**How to complete this task:**
Retype the whole listing, please, keeping every line exact and dropping the pictures.

----------

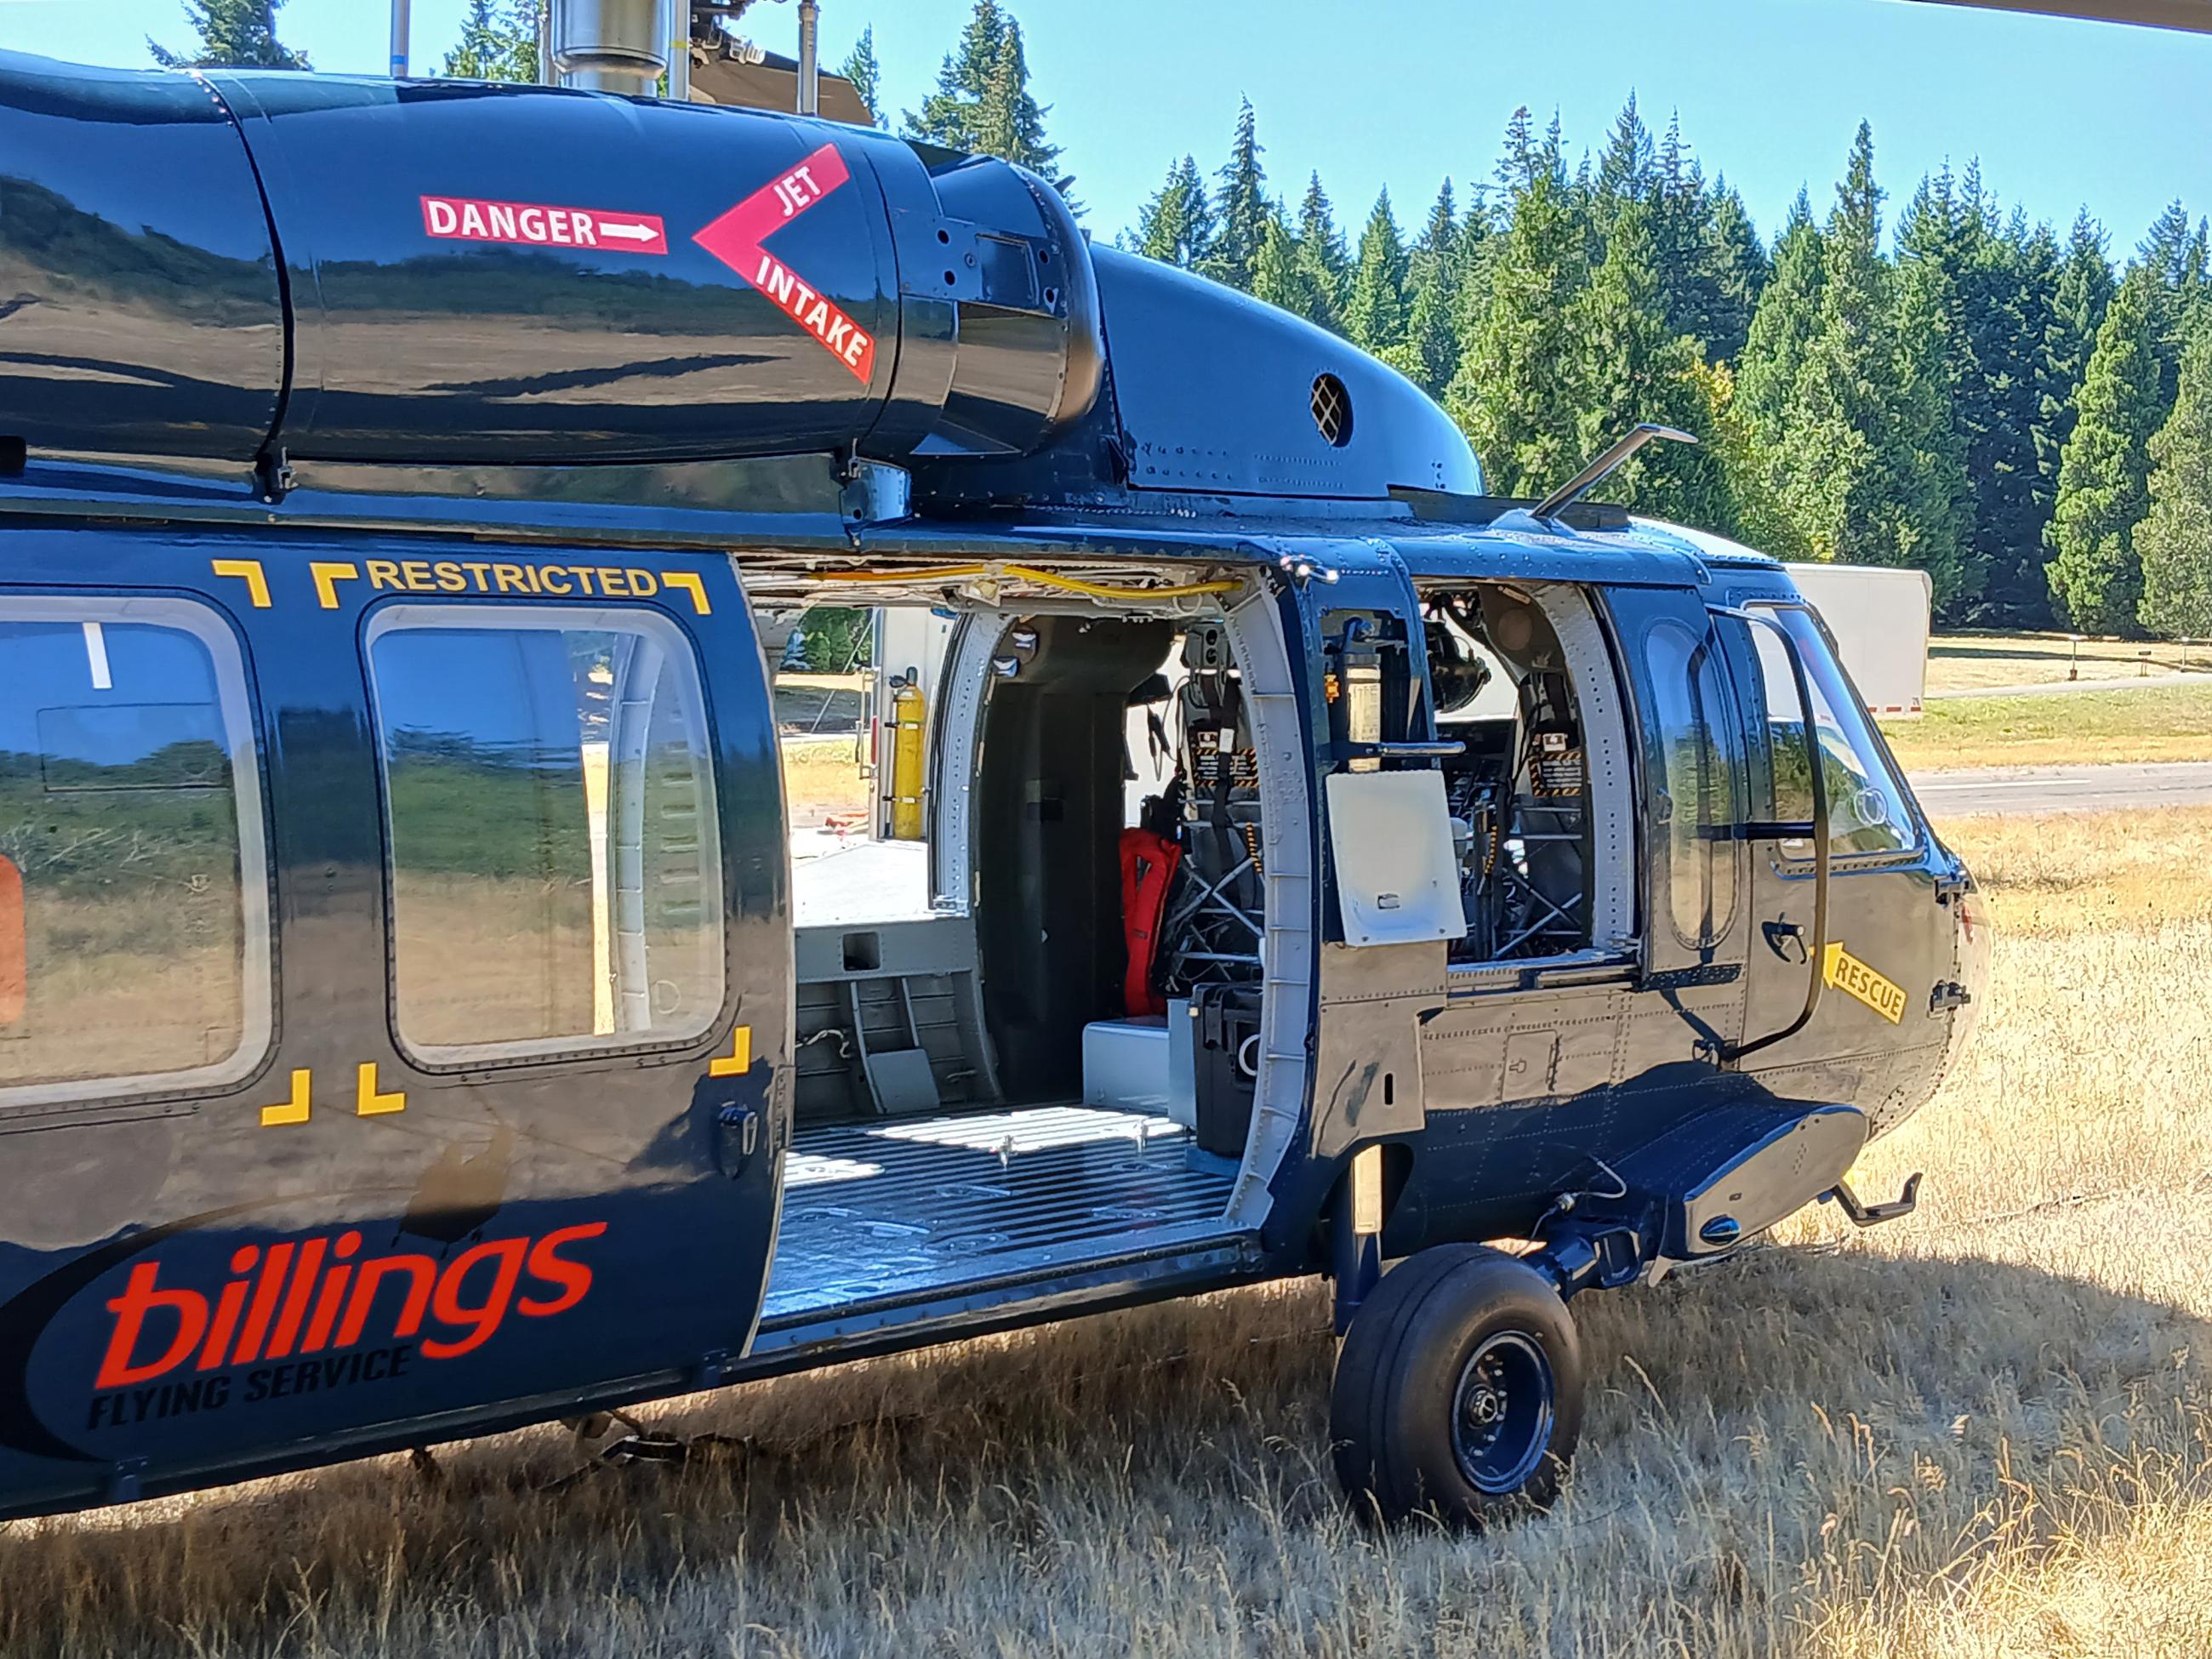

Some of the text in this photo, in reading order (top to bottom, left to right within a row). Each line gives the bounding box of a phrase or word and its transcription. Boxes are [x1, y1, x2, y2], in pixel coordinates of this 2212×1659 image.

[773, 165, 821, 217] JET
[427, 200, 597, 245] DANGER
[755, 255, 869, 368] INTAKE
[366, 560, 658, 597] RESTRICTED
[1835, 957, 1902, 1016] RESCUE
[94, 1222, 607, 1390] billings
[88, 1346, 413, 1431] FLYING SERVICE

----------

**Result for this exercise:**
Some of the text in this photo, in reading order (top to bottom, left to right within a row). Each line gives the bounding box of a phrase or word and its transcription. Boxes are [x1, y1, x2, y2], in pixel coordinates of this 2212×1659 image.

[773, 165, 821, 217] JET
[427, 200, 597, 245] DANGER
[755, 255, 869, 368] INTAKE
[366, 560, 658, 597] RESTRICTED
[1835, 957, 1902, 1016] RESCUE
[94, 1222, 607, 1390] billings
[88, 1346, 413, 1431] FLYING SERVICE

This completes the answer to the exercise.